YOUR INSTRUCTIONS:
Every record must be repeated exactly, with no omission.

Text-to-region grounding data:
*** Begin section ***

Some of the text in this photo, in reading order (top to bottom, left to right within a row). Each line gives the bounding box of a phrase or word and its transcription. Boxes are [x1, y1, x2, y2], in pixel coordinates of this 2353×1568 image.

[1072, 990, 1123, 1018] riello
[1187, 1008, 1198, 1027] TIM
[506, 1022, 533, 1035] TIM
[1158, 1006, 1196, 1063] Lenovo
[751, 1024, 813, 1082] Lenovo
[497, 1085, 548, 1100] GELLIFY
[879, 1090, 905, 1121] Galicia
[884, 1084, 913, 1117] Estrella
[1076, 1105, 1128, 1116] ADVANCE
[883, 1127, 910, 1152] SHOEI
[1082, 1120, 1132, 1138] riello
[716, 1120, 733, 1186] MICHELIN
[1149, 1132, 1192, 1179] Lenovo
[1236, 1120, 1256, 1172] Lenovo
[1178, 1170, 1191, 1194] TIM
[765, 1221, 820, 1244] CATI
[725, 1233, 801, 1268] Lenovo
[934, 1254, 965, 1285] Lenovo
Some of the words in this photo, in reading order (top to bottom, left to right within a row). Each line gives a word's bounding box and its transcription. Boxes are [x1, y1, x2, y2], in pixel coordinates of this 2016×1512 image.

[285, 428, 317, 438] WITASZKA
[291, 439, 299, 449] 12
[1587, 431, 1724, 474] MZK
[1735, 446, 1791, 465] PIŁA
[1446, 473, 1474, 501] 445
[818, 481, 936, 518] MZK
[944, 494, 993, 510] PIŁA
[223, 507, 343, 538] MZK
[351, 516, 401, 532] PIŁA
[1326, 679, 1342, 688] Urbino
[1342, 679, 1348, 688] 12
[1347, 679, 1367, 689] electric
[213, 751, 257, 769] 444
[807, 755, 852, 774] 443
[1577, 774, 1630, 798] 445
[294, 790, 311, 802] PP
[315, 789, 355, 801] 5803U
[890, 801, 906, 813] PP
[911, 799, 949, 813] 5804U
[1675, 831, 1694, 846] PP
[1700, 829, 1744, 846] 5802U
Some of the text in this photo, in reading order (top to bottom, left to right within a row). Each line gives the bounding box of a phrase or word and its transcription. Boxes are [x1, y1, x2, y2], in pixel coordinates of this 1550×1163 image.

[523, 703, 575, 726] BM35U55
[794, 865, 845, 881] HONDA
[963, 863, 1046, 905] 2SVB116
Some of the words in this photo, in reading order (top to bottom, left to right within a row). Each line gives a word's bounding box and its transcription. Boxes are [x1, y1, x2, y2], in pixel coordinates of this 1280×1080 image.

*** End section ***

SOLUTION:
Some of the text in this photo, in reading order (top to bottom, left to right within a row). Each line gives the bounding box of a phrase or word and its transcription. Boxes are [x1, y1, x2, y2], in pixel coordinates of this 2353×1568 image.

[1072, 990, 1123, 1018] riello
[1187, 1008, 1198, 1027] TIM
[506, 1022, 533, 1035] TIM
[1158, 1006, 1196, 1063] Lenovo
[751, 1024, 813, 1082] Lenovo
[497, 1085, 548, 1100] GELLIFY
[879, 1090, 905, 1121] Galicia
[884, 1084, 913, 1117] Estrella
[1076, 1105, 1128, 1116] ADVANCE
[883, 1127, 910, 1152] SHOEI
[1082, 1120, 1132, 1138] riello
[716, 1120, 733, 1186] MICHELIN
[1149, 1132, 1192, 1179] Lenovo
[1236, 1120, 1256, 1172] Lenovo
[1178, 1170, 1191, 1194] TIM
[765, 1221, 820, 1244] CATI
[725, 1233, 801, 1268] Lenovo
[934, 1254, 965, 1285] Lenovo
Some of the words in this photo, in reading order (top to bottom, left to right within a row). Each line gives a word's bounding box and its transcription. Boxes are [x1, y1, x2, y2], in pixel coordinates of this 2016×1512 image.

[285, 428, 317, 438] WITASZKA
[291, 439, 299, 449] 12
[1587, 431, 1724, 474] MZK
[1735, 446, 1791, 465] PIŁA
[1446, 473, 1474, 501] 445
[818, 481, 936, 518] MZK
[944, 494, 993, 510] PIŁA
[223, 507, 343, 538] MZK
[351, 516, 401, 532] PIŁA
[1326, 679, 1342, 688] Urbino
[1342, 679, 1348, 688] 12
[1347, 679, 1367, 689] electric
[213, 751, 257, 769] 444
[807, 755, 852, 774] 443
[1577, 774, 1630, 798] 445
[294, 790, 311, 802] PP
[315, 789, 355, 801] 5803U
[890, 801, 906, 813] PP
[911, 799, 949, 813] 5804U
[1675, 831, 1694, 846] PP
[1700, 829, 1744, 846] 5802U
Some of the text in this photo, in reading order (top to bottom, left to right within a row). Each line gives the bounding box of a phrase or word and its transcription. Boxes are [x1, y1, x2, y2], in pixel coordinates of this 1550×1163 image.

[523, 703, 575, 726] BM35U55
[794, 865, 845, 881] HONDA
[963, 863, 1046, 905] 2SVB116
Some of the words in this photo, in reading order (top to bottom, left to right within a row). Each line gives a word's bounding box and its transcription. Boxes are [x1, y1, x2, y2], in pixel coordinates of this 1280×1080 image.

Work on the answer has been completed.